#### WHAT THE TASK ASKS
Print every line of the material below exactly as it stands, but omit the pictures.

#### INPUT DATA
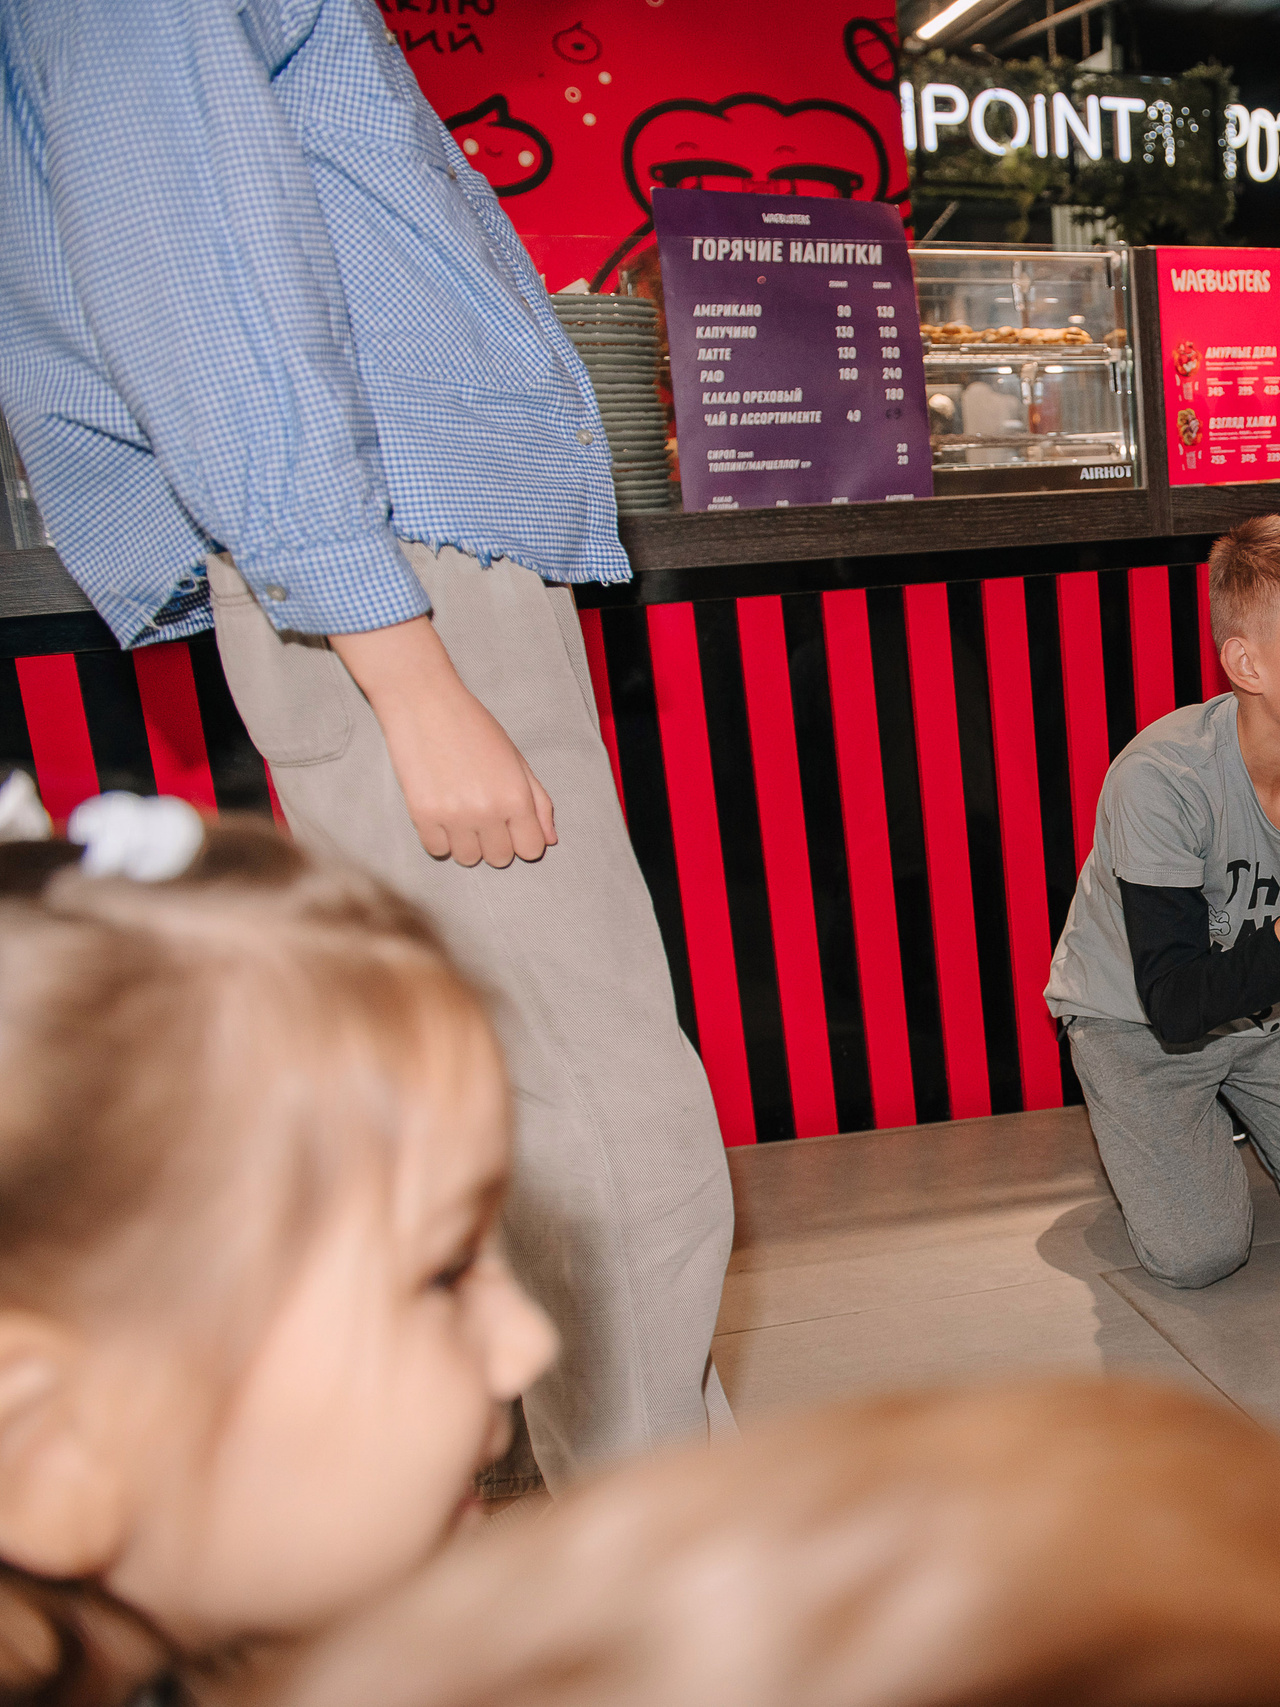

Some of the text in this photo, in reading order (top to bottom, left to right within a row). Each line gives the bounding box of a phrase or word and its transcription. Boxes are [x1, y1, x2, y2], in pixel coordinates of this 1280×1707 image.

[692, 238, 882, 266] ГОРЯЧИЕ НАПИТКИ
[1171, 268, 1271, 292] WAFBUSTERS
[693, 304, 762, 317] АМЕРИКАНО
[695, 325, 758, 339] КАПУЧИНО
[835, 325, 855, 339] 130
[697, 347, 732, 361] ЛАТТЕ
[837, 346, 857, 360] 130
[1205, 346, 1277, 359] АМУРНЫЕ ДЕЛА
[700, 369, 725, 383] РАФ
[882, 366, 903, 380] 240
[702, 390, 741, 404] КАКАО
[742, 387, 803, 404] ОРЕХОВЫЙ
[704, 411, 728, 426] ЧАЙ
[729, 412, 739, 426] В
[740, 410, 822, 426] АССОРТИМЕНТЕ
[846, 409, 862, 422] 49
[1208, 415, 1277, 429] ВЗГЛЯД ХАЛКА
[707, 449, 737, 460] СИРОП
[1080, 465, 1132, 481] AIRHOT
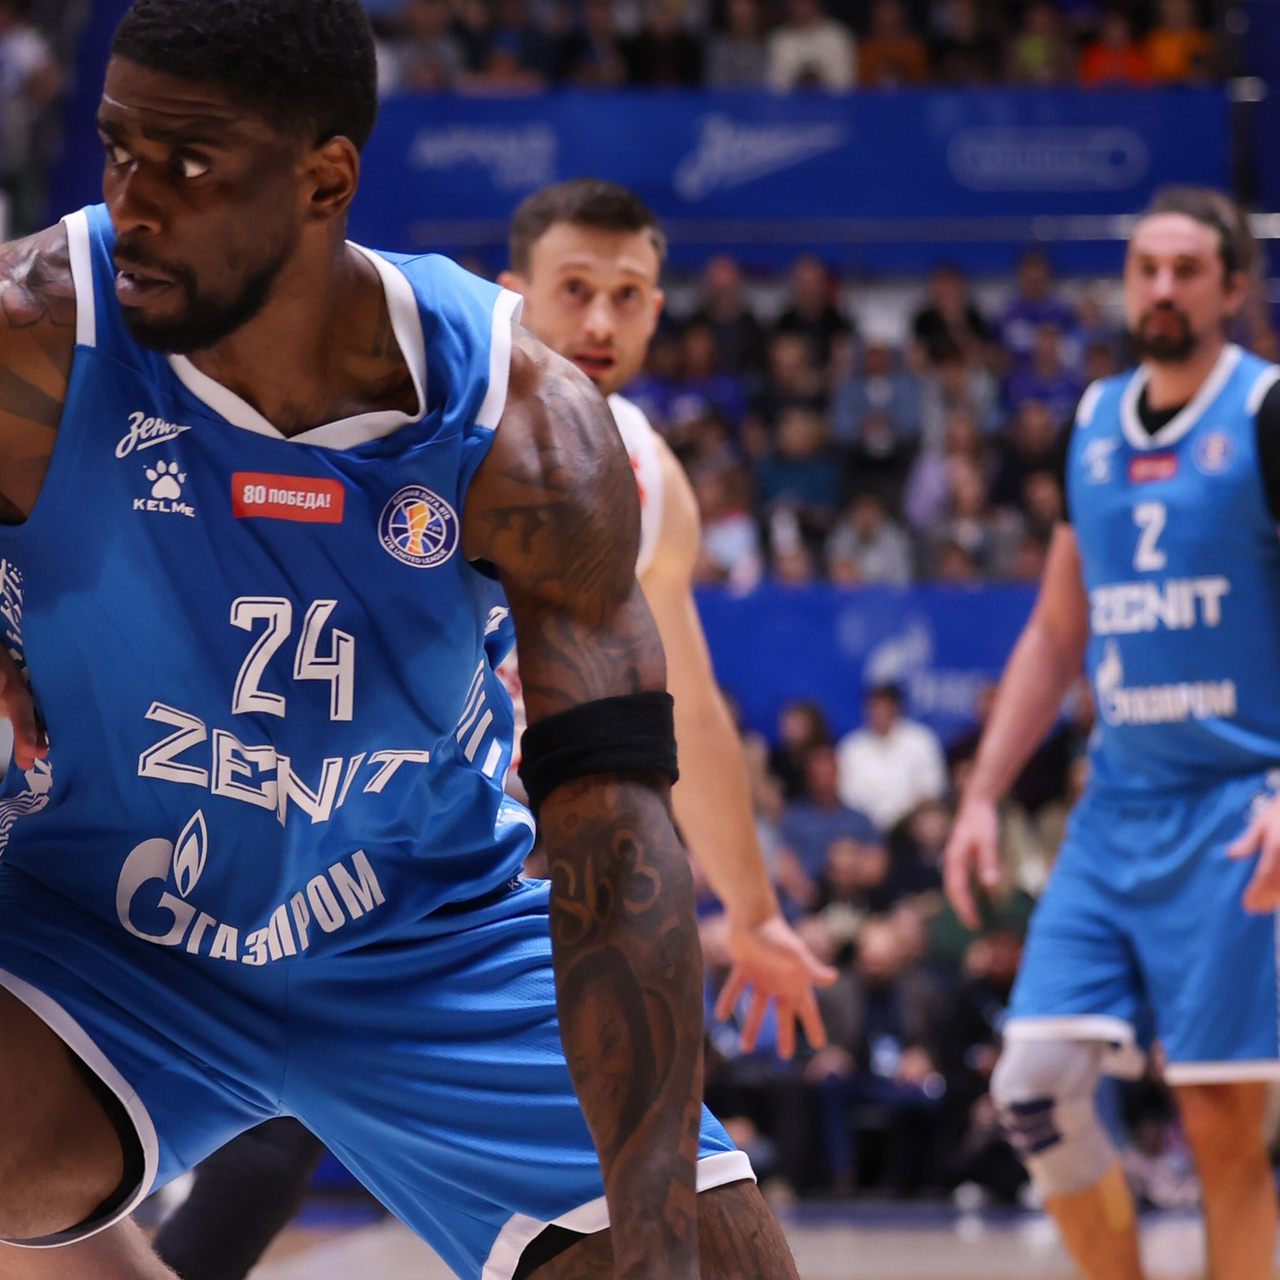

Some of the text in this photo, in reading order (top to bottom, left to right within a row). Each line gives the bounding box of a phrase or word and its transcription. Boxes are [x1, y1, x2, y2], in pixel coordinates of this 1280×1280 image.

[133, 498, 196, 518] KELME
[243, 484, 332, 509] 80 ПОБЕДА!
[1132, 500, 1168, 572] 2
[230, 596, 355, 721] 24
[137, 701, 429, 825] ZENIT
[186, 849, 386, 967] ГАЗПРОМ

#### ANSWER TO THE PROBLEM
Some of the text in this photo, in reading order (top to bottom, left to right within a row). Each line gives the bounding box of a phrase or word and its transcription. Boxes are [x1, y1, x2, y2], in pixel coordinates of this 1280×1707 image.

[692, 238, 882, 266] ГОРЯЧИЕ НАПИТКИ
[1171, 268, 1271, 292] WAFBUSTERS
[693, 304, 762, 317] АМЕРИКАНО
[695, 325, 758, 339] КАПУЧИНО
[835, 325, 855, 339] 130
[697, 347, 732, 361] ЛАТТЕ
[837, 346, 857, 360] 130
[1205, 346, 1277, 359] АМУРНЫЕ ДЕЛА
[700, 369, 725, 383] РАФ
[882, 366, 903, 380] 240
[702, 390, 741, 404] КАКАО
[742, 387, 803, 404] ОРЕХОВЫЙ
[704, 411, 728, 426] ЧАЙ
[729, 412, 739, 426] В
[740, 410, 822, 426] АССОРТИМЕНТЕ
[846, 409, 862, 422] 49
[1208, 415, 1277, 429] ВЗГЛЯД ХАЛКА
[707, 449, 737, 460] СИРОП
[1080, 465, 1132, 481] AIRHOT

Some of the text in this photo, in reading order (top to bottom, left to right within a row). Each line gives the bounding box of a phrase or word and its transcription. Boxes are [x1, y1, x2, y2], in pixel coordinates of this 1280×1280 image.

[133, 498, 196, 518] KELME
[243, 484, 332, 509] 80 ПОБЕДА!
[1132, 500, 1168, 572] 2
[230, 596, 355, 721] 24
[137, 701, 429, 825] ZENIT
[186, 849, 386, 967] ГАЗПРОМ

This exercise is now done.